• _Exercise goal_:
Repeat the data as given. Images do not go in the copy.

• _Exercise input_:

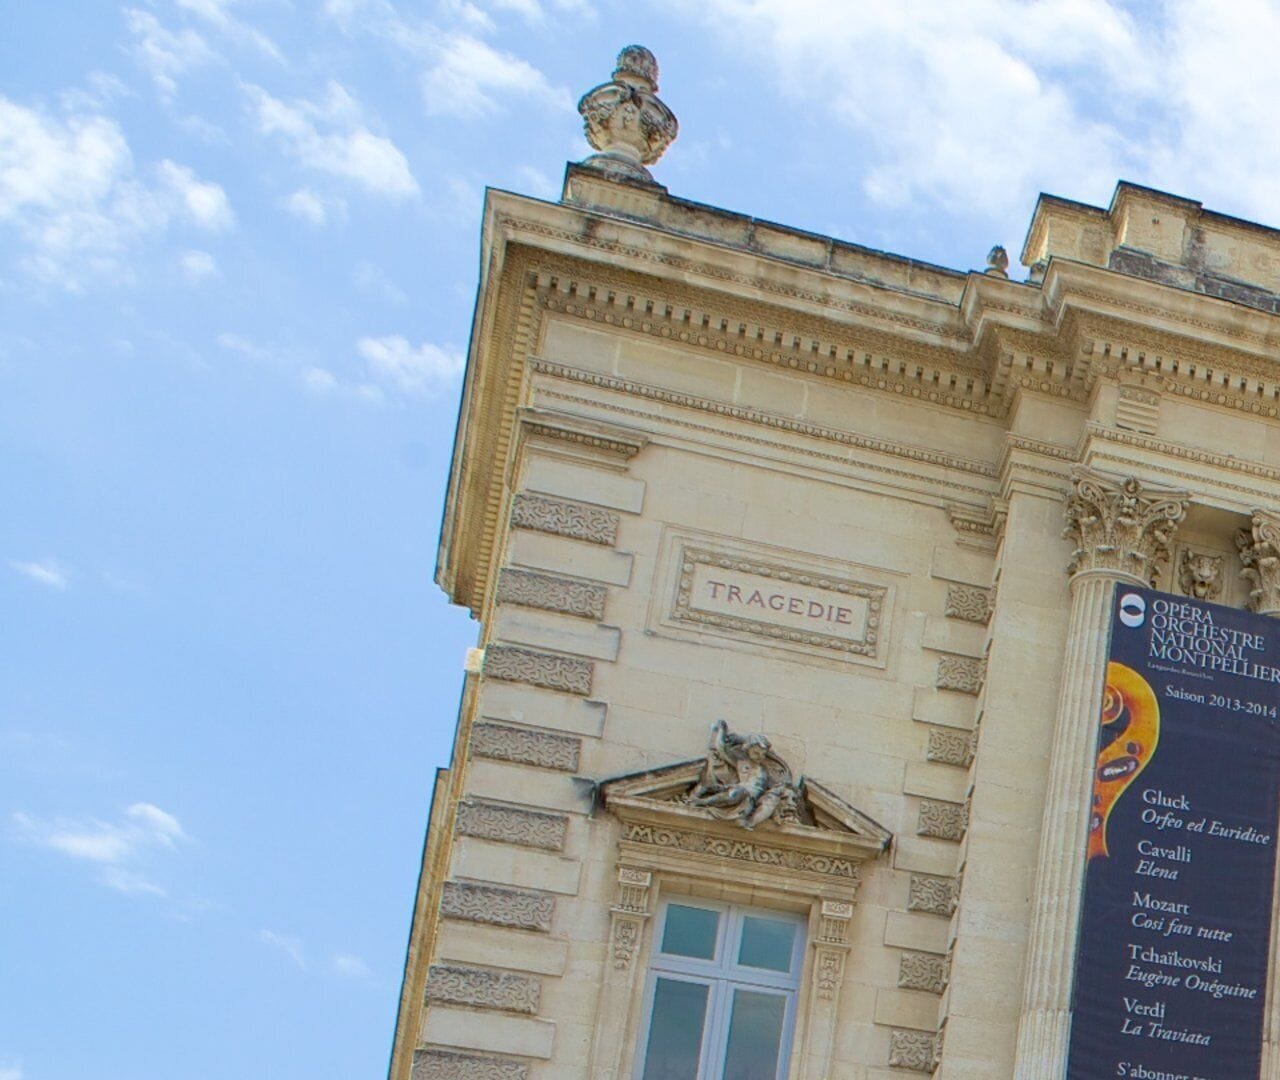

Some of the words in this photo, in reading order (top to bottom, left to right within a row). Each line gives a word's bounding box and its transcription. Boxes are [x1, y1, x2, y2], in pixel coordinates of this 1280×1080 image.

[707, 580, 853, 624] TRAGEDIE
[1153, 600, 1214, 625] OPÉRA
[1150, 628, 1249, 661] NATIONAL
[1151, 614, 1265, 651] ORCHESTRE
[1165, 685, 1205, 704] Saison
[1209, 694, 1278, 719] 2013-2014
[1142, 789, 1191, 810] Gluck
[1141, 809, 1183, 831] Orfeo
[1187, 819, 1206, 833] ed
[1208, 823, 1271, 845] Euridice
[1137, 840, 1192, 863] Cavalli
[1135, 861, 1179, 881] Elena
[1133, 891, 1190, 915] Mozart
[1164, 918, 1193, 936] fan
[1196, 926, 1233, 942] tutte
[1128, 944, 1223, 974] Tchaïkovski
[1125, 965, 1181, 987] Eugène
[1185, 974, 1257, 999] Onéguine
[1123, 998, 1166, 1018] Verdi
[1120, 1018, 1142, 1036] La
[1149, 1022, 1212, 1046] Traviata
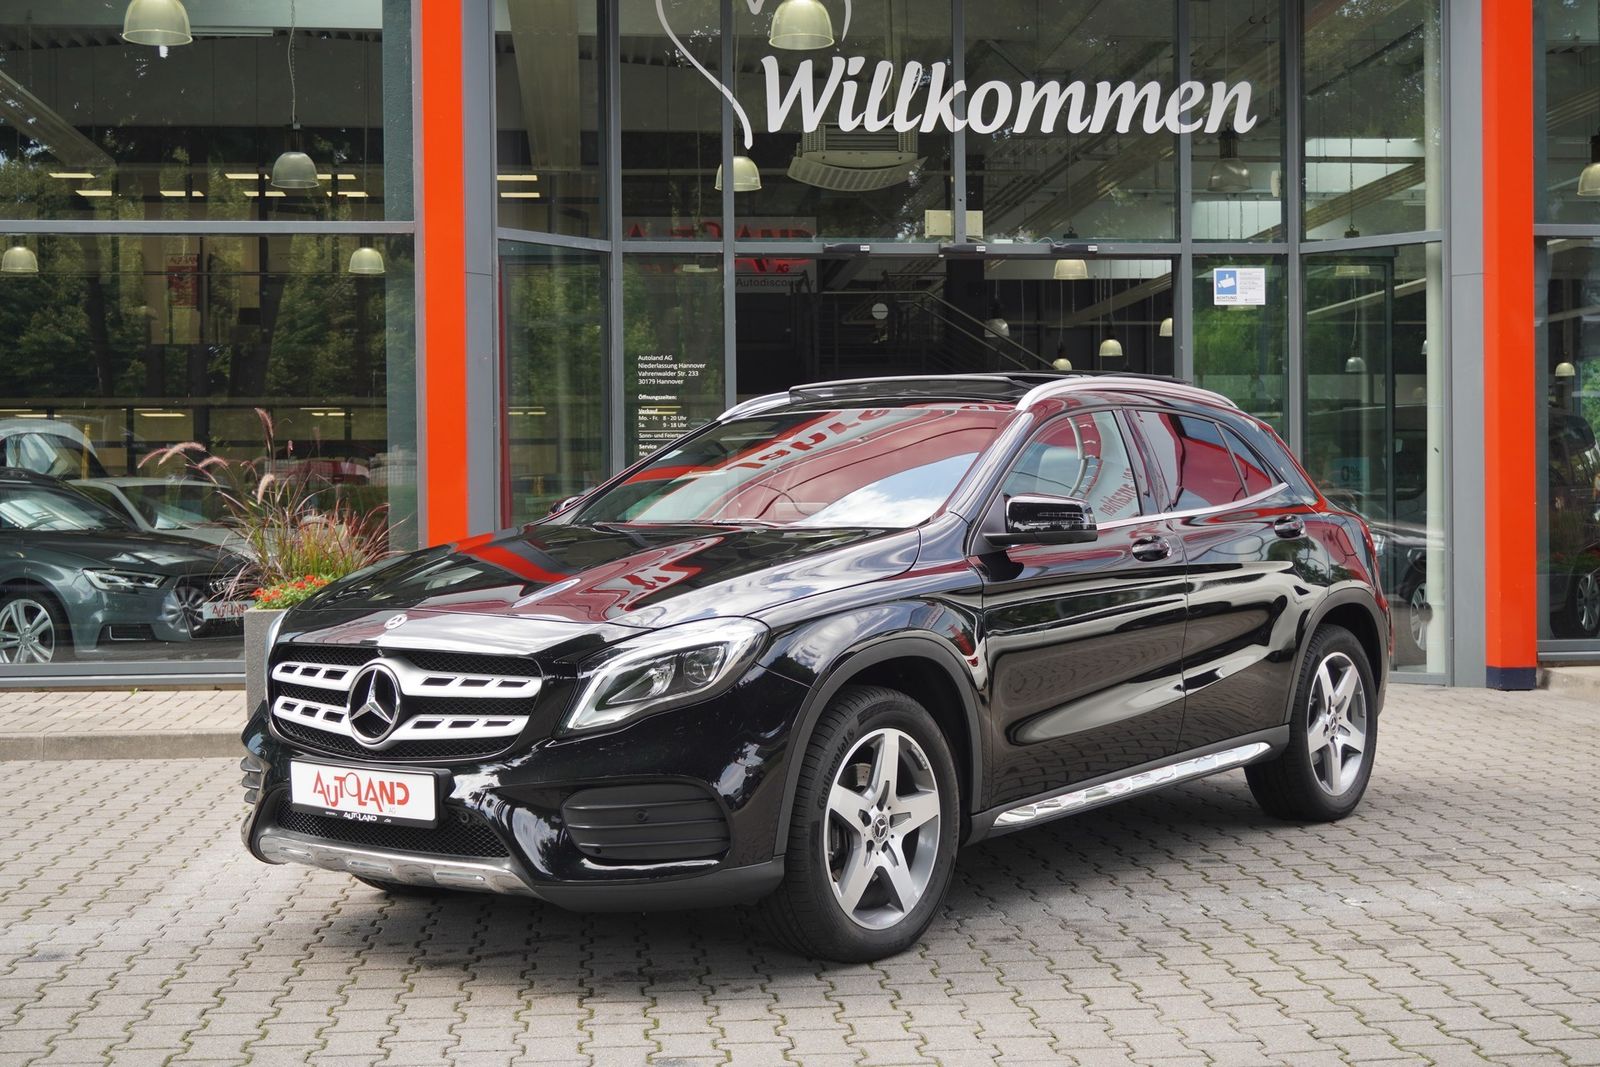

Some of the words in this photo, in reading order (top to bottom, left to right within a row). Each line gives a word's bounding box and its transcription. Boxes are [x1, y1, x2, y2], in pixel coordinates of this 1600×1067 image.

[760, 55, 1257, 135] Willkommen
[776, 264, 789, 273] AG
[736, 278, 814, 288] Autodiscor
[313, 769, 410, 812] AUTOLAND

• _Written solution_:
Some of the words in this photo, in reading order (top to bottom, left to right within a row). Each line gives a word's bounding box and its transcription. Boxes are [x1, y1, x2, y2], in pixel coordinates of this 1280×1080 image.

[707, 580, 853, 624] TRAGEDIE
[1153, 600, 1214, 625] OPÉRA
[1150, 628, 1249, 661] NATIONAL
[1151, 614, 1265, 651] ORCHESTRE
[1165, 685, 1205, 704] Saison
[1209, 694, 1278, 719] 2013-2014
[1142, 789, 1191, 810] Gluck
[1141, 809, 1183, 831] Orfeo
[1187, 819, 1206, 833] ed
[1208, 823, 1271, 845] Euridice
[1137, 840, 1192, 863] Cavalli
[1135, 861, 1179, 881] Elena
[1133, 891, 1190, 915] Mozart
[1164, 918, 1193, 936] fan
[1196, 926, 1233, 942] tutte
[1128, 944, 1223, 974] Tchaïkovski
[1125, 965, 1181, 987] Eugène
[1185, 974, 1257, 999] Onéguine
[1123, 998, 1166, 1018] Verdi
[1120, 1018, 1142, 1036] La
[1149, 1022, 1212, 1046] Traviata

Some of the words in this photo, in reading order (top to bottom, left to right within a row). Each line gives a word's bounding box and its transcription. Boxes are [x1, y1, x2, y2], in pixel coordinates of this 1600×1067 image.

[760, 55, 1257, 135] Willkommen
[776, 264, 789, 273] AG
[736, 278, 814, 288] Autodiscor
[313, 769, 410, 812] AUTOLAND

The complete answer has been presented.